Epidermal Growth Factor Receptor Localization in Cell Membranes Investigated by Imaging FCS

The epidermal growth factor receptor (EGFR) is a receptor tyrosine kinase that plays essential roles in cell growth and proliferation. Despite many years of research there are still open questions about its mechanism of function. We have addressed earlier the question of EGFR dimerization as well as phosphorylation in live cells. Here we address in particular its distribution and dynamics on the cell membrane. The simultaneous elucidation of membrane organization and dynamics requires measurements with good spatiotemporal resolution. We recently introduced Imaging Total Internal Reflection Fluorescence Correlation Spectroscopy (ITIR-FCS) with time resolution down to 0.3 ms and diffraction-limited resolution to study whole membrane areas with single molecule sensitivity. ITIR-FCS can test the FCS diffusion laws and determine whether diffusion is free, takes place within a meshwork or is hindered by traps.
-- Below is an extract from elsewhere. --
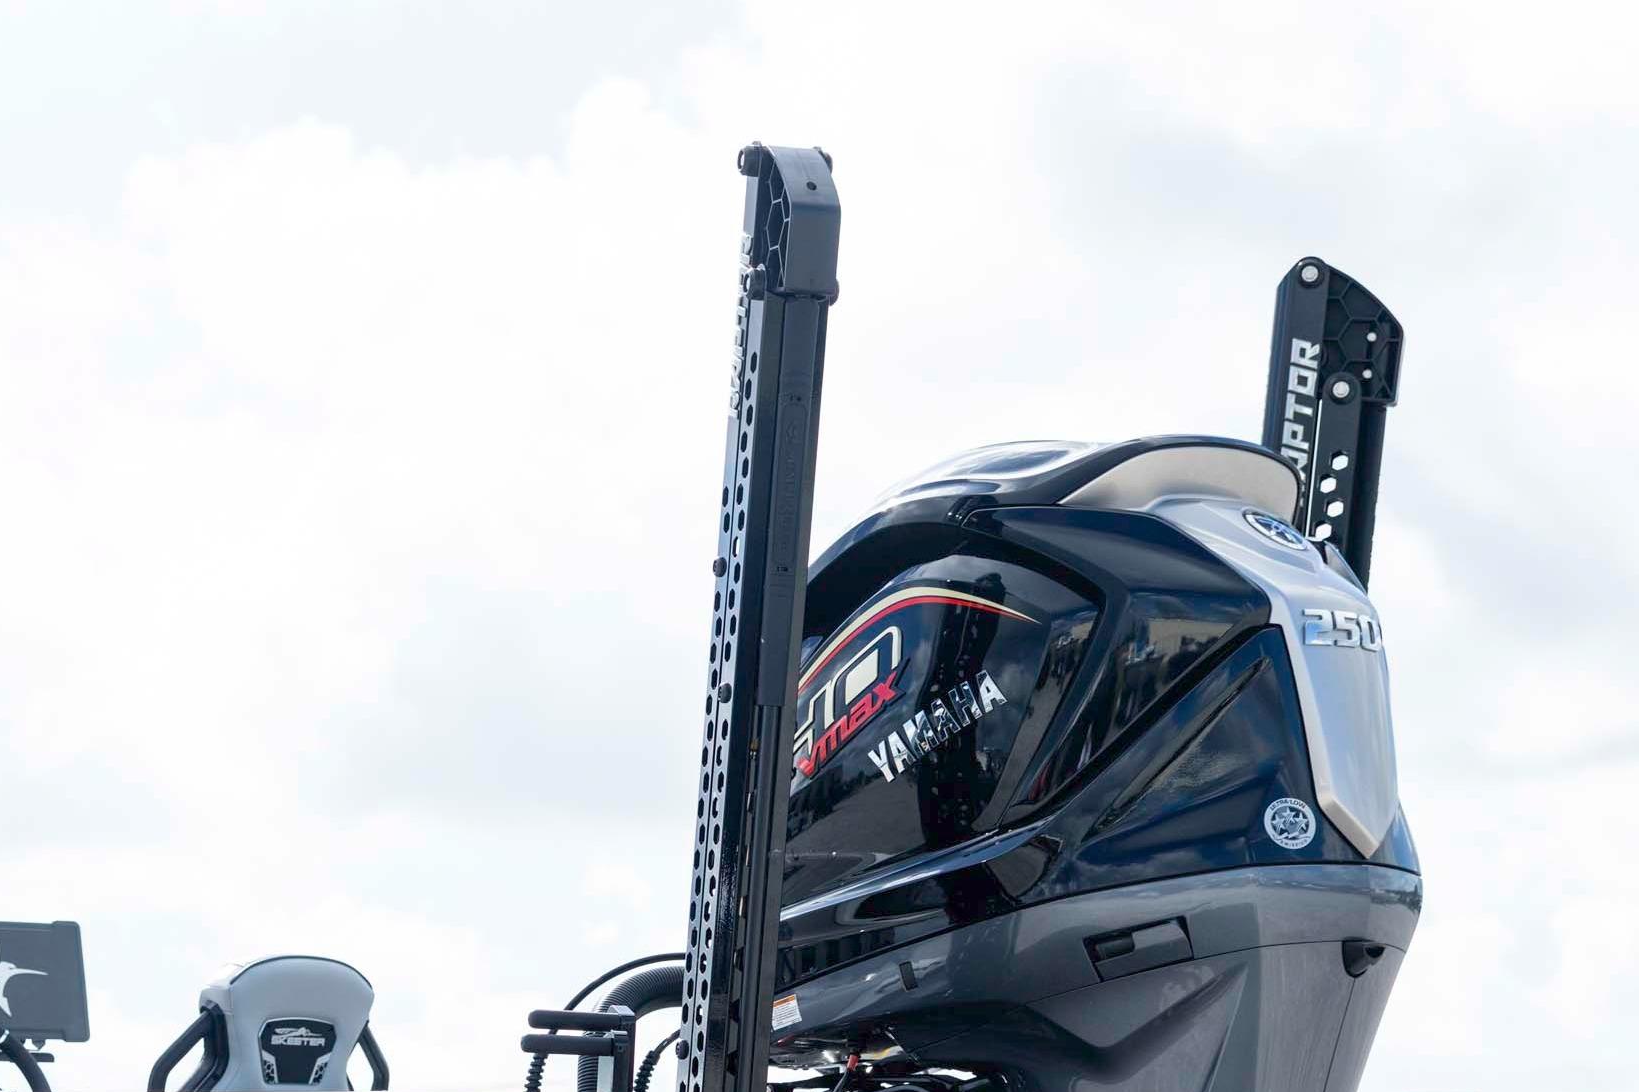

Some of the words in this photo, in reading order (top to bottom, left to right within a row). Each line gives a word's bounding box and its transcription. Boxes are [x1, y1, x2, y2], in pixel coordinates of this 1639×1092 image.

We demonstrate the feasibility of this approach with various structured artificial bilayers. Advancing to live cell measurements, we compare the diffusive behavior of DiI (C12 and C18), a membrane marker for the fluid phase, GPI-GFP, a putative microdomain marker, transferring receptor-mCherry, a receptor interacting with the cytoskeleton, and the epidermal growth factor receptor-mRFP (EGFR-mRFP). We monitor the dynamics of the different molecules under conditions of cholesterol depletion (mbCD), cytoskeleton depolymerization (Latrunculin A), and EGF stimulation. EGFR clearly shows changes upon stimulation, implying stronger domain localization, with little sensitivity to depolymerization of the cytoskeleton and moderate sensitivity to cholesterol depletion.